- Born: June 9, 1976 (age 50)
- Education: Princeton University Stanford University
- Scientific career
- Fields: Cardiovascular biomechanics
- Doctoral advisor: Parviz Moin
- Website: https://cbcl.stanford.edu/ https://simvascular.github.io/

= Alison Marsden =

Bioengineer

Alison Lesley Marsden is an American pediatric cardiologist and bioengineer. She is the Douglass M. and Nola Leishman Professor of cardiovascular disease in the departments of Pediatrics (Cardiology), Bioengineering, and, by courtesy, Mechanical Engineering at Stanford University. She is the daughter of Canadian-American mathematician Jerrold E. Marsden.

==Research==
Marsden's research concerns the biomechanics of the cardiovascular system. It has included the development of accurate computer simulations of the Berlin Heart, an implantable artificial heart, with the aim of improving its design.

==Education and career==
Marsden earned a bachelor's degree in mechanical engineering in 1998 from Princeton University. She did her graduate studies in mechanical engineering at Stanford University, earning a master's degree in 2000 and completing her Ph.D. in 2005.

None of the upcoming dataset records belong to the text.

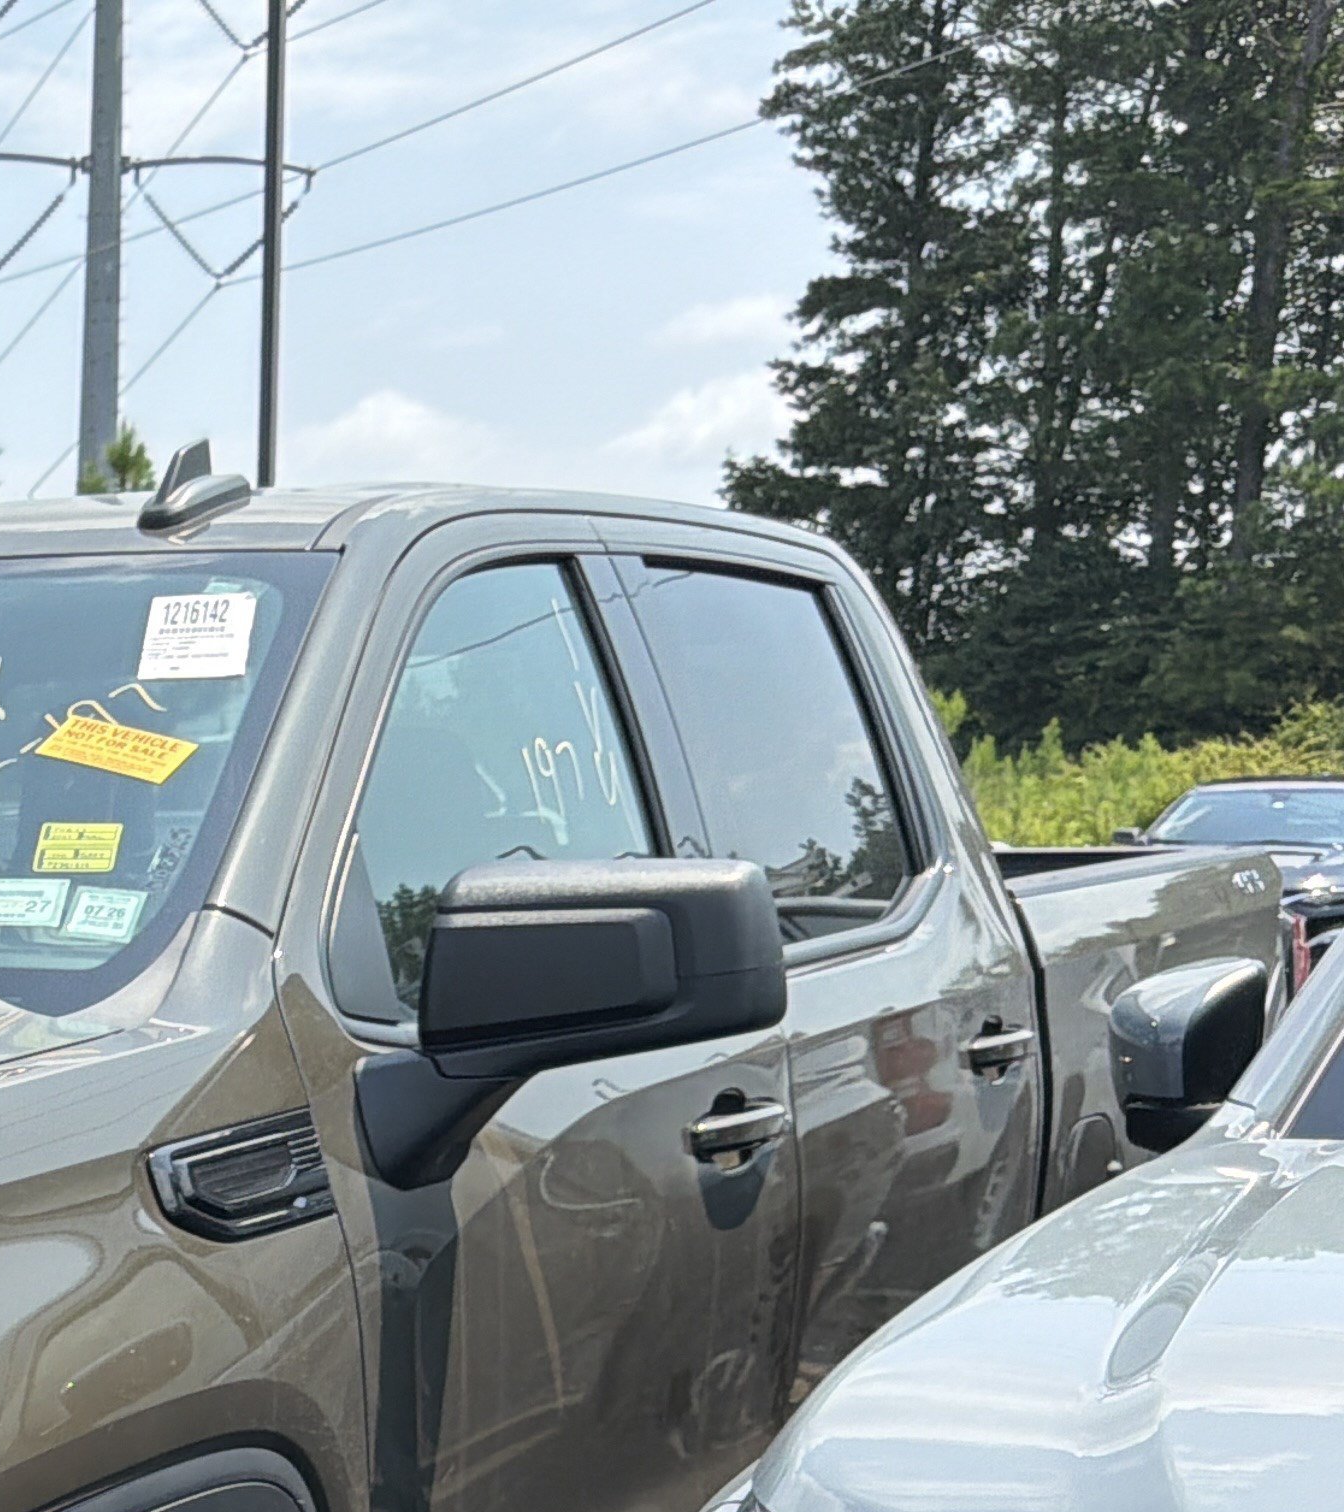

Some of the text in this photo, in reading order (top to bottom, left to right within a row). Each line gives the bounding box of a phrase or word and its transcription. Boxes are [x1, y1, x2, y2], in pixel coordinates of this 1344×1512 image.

[163, 599, 230, 626] 1216142
[63, 729, 96, 742] NOT
[95, 735, 128, 750] FOR
[129, 743, 169, 760] SALE
[70, 718, 183, 753] THIS VEHICLE
[24, 899, 53, 914] 27

After postdoctoral research in pediatric cardiology and bioengineering at Stanford, she taught at the University of California, San Diego from 2007 until 2015, when she returned to Stanford as a faculty member.

==Recognition==
In 2018 Marsden became a fellow of the Society for Industrial and Applied Mathematics. She also became a fellow of the American Institute for Medical and Biological Engineering, "for fundamental contributions to cardiovascular simulation methodology, clinical translation of novel surgical designs, leadership in open-source software and gender diversity". In 2020 she was named a fellow of the American Physical Society "for the development of numerical methods for cardiovascular blood flow simulation and their application to cardiovascular surgery and congenital heart disease". She was elected a Fellow of the American Society of Mechanical Engineers in 2024.